----- Material for the task

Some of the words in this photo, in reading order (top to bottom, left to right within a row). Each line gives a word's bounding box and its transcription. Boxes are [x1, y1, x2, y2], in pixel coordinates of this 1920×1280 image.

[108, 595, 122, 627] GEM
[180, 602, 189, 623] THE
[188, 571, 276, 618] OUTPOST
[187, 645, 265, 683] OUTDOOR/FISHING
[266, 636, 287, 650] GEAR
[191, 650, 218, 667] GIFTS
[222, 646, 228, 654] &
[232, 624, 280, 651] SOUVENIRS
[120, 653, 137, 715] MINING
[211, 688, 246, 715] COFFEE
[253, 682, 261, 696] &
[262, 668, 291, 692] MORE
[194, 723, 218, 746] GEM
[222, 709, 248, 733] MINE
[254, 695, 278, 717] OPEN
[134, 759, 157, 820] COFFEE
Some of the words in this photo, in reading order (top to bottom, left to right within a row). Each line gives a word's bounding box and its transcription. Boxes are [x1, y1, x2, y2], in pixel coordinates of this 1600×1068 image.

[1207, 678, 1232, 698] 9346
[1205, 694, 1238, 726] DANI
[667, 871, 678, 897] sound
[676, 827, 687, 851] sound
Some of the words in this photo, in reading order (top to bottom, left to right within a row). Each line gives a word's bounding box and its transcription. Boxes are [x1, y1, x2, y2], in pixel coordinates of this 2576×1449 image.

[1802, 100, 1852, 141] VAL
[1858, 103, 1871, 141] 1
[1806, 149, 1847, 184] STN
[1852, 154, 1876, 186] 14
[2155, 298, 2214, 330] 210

----------

* _Exercise instructions_
The data above should be copied exactly, with no line omitted.

* _Response below_
Some of the words in this photo, in reading order (top to bottom, left to right within a row). Each line gives a word's bounding box and its transcription. Boxes are [x1, y1, x2, y2], in pixel coordinates of this 1920×1280 image.

[108, 595, 122, 627] GEM
[180, 602, 189, 623] THE
[188, 571, 276, 618] OUTPOST
[187, 645, 265, 683] OUTDOOR/FISHING
[266, 636, 287, 650] GEAR
[191, 650, 218, 667] GIFTS
[222, 646, 228, 654] &
[232, 624, 280, 651] SOUVENIRS
[120, 653, 137, 715] MINING
[211, 688, 246, 715] COFFEE
[253, 682, 261, 696] &
[262, 668, 291, 692] MORE
[194, 723, 218, 746] GEM
[222, 709, 248, 733] MINE
[254, 695, 278, 717] OPEN
[134, 759, 157, 820] COFFEE
Some of the words in this photo, in reading order (top to bottom, left to right within a row). Each line gives a word's bounding box and its transcription. Boxes are [x1, y1, x2, y2], in pixel coordinates of this 1600×1068 image.

[1207, 678, 1232, 698] 9346
[1205, 694, 1238, 726] DANI
[667, 871, 678, 897] sound
[676, 827, 687, 851] sound
Some of the words in this photo, in reading order (top to bottom, left to right within a row). Each line gives a word's bounding box and its transcription. Boxes are [x1, y1, x2, y2], in pixel coordinates of this 2576×1449 image.

[1802, 100, 1852, 141] VAL
[1858, 103, 1871, 141] 1
[1806, 149, 1847, 184] STN
[1852, 154, 1876, 186] 14
[2155, 298, 2214, 330] 210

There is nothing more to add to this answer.